Updated: Apr 8, 2021
Psychological burnout is real, and honestly, you will not see this one coming. Your athlete's health and mental being will deteriorate silently until they have a breakdown. You'll then question yourself, how something like this could ever happen?!
I call this a "Swimming Killer" because this type of burnout will be problematic and irreversible. It occurs most frequently with athletes who are around 14 and over due to the excessive demands and pressure placed upon them.
Excessive demands and pressure placed on athletes leads to drop-out... this is unprecedented and alarming as most cases is due to PSYCHOLOGICAL BURNOUT!
Psychological burnout WILL push swimmers away FROM SWIMMING.
We all agree that swimming requires significant time and effort.
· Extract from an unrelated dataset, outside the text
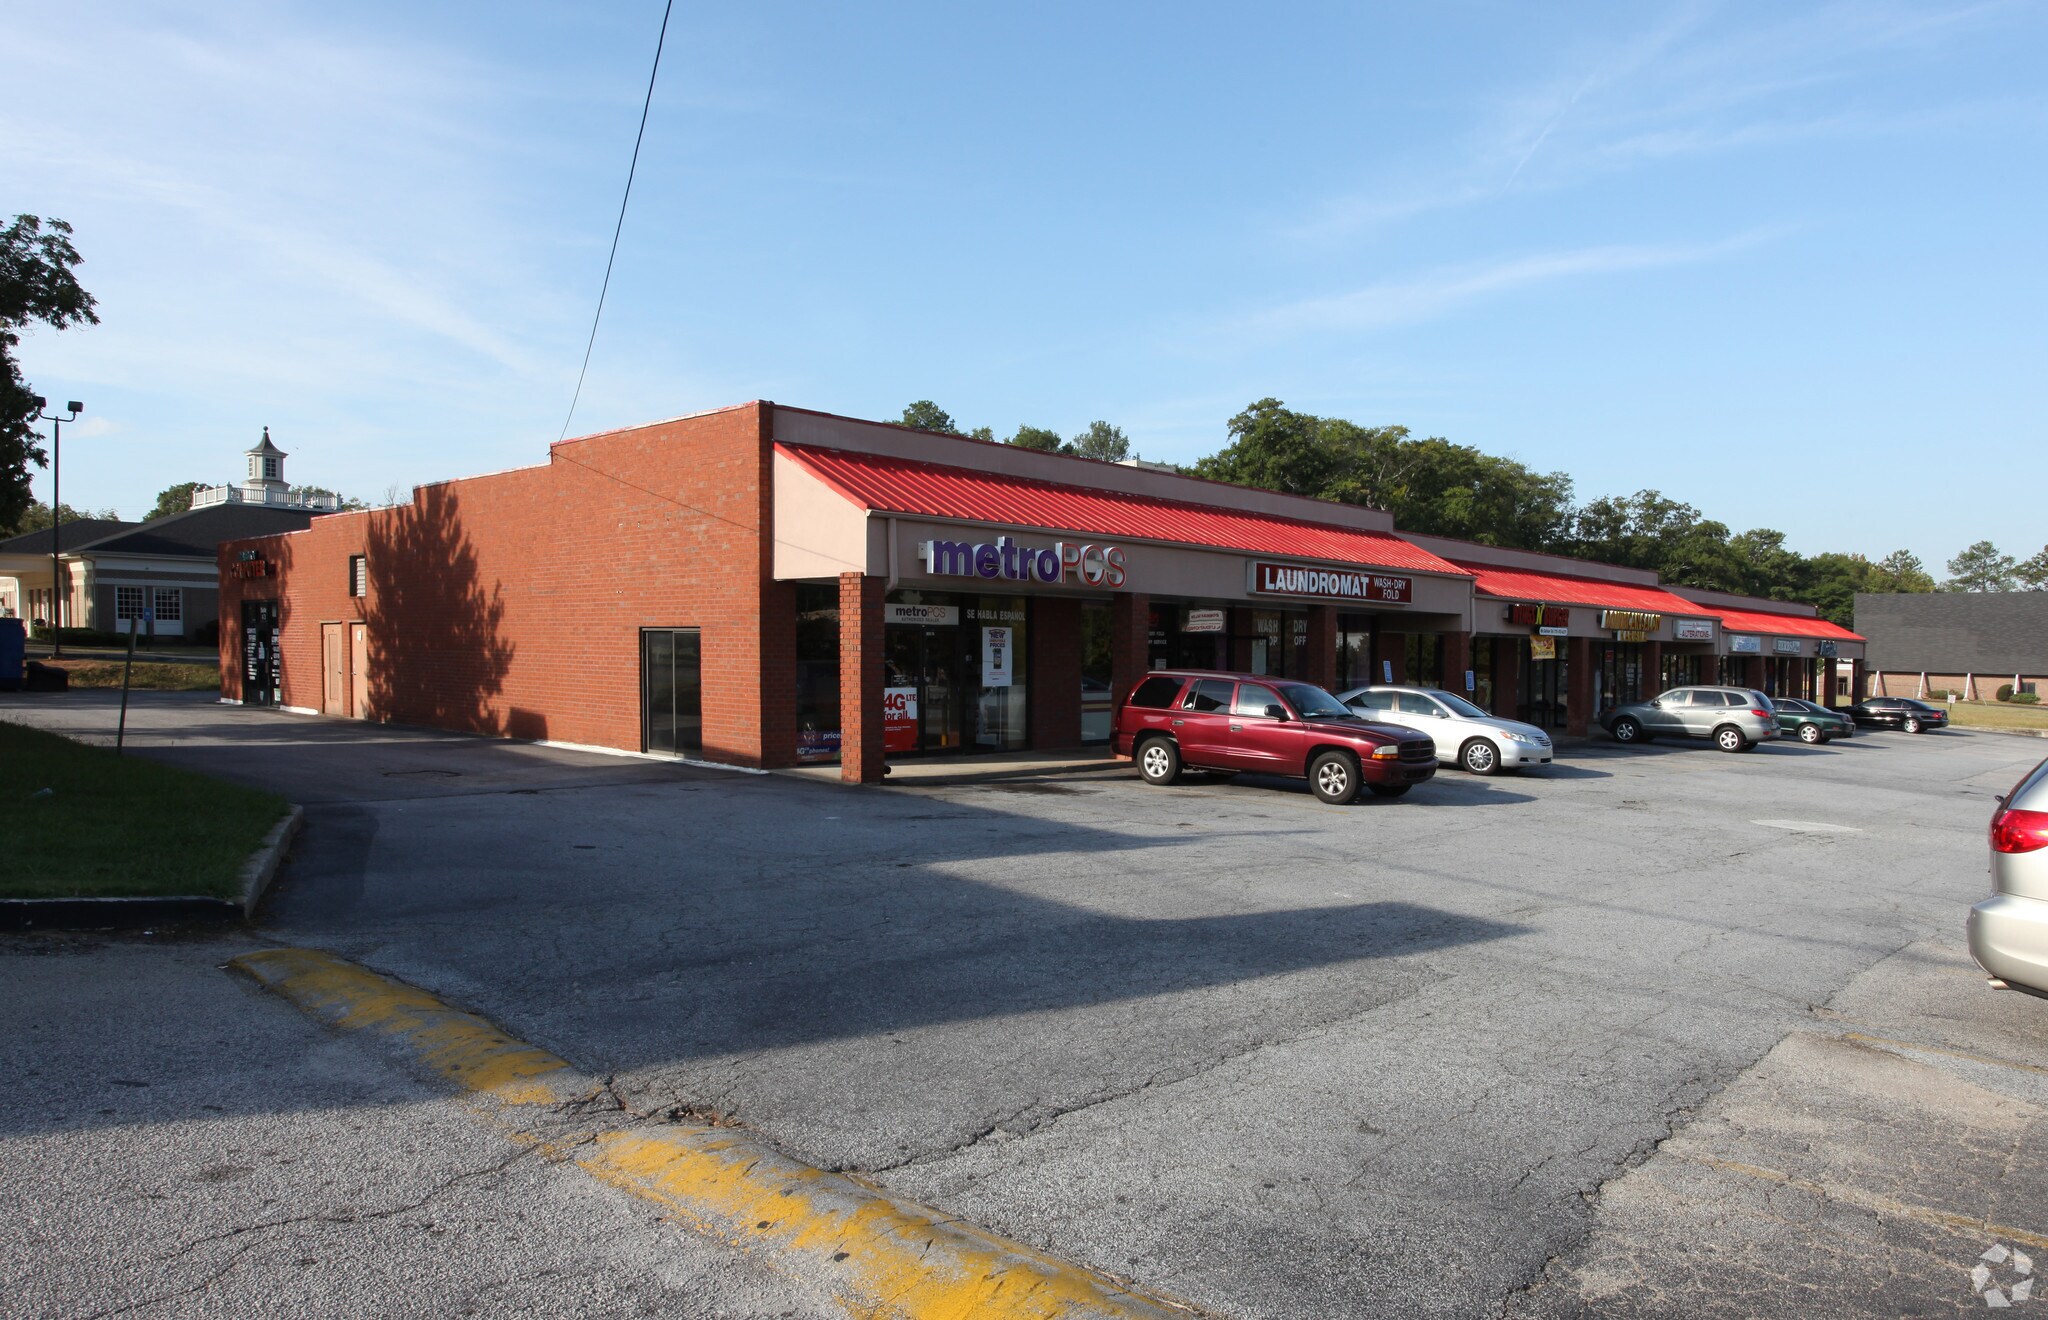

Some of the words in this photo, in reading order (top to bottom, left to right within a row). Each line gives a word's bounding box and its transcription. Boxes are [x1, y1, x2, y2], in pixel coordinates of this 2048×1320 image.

We all agree that swimming training's structure tends to be repetitive. And, this can cause boredom. Comparing swimming with other sports, swimmers may receive less social aspect. We all know that our "swim season" can be exceptionally long without breaks. This will potentially lead your swimmers to have to endure particularly dull (boring) practice sessions.
Swimmers often retire well before reaching their physical and psychological peak.
In my opinion, this is extremely unfortunate. Imagine the unfulfilled potential that might have greatly benefitted both the swimmer and potentially the swim team. Right now, there is far too much talent leaving the sport at a young age, well before swimmers reach their peak.
Collectively, we need to try to put an end to this!
Burnout is not inevitable.
Understanding psychological burnout is crucial.
We must be able to identify what burnout looks like before we attempt to fix it.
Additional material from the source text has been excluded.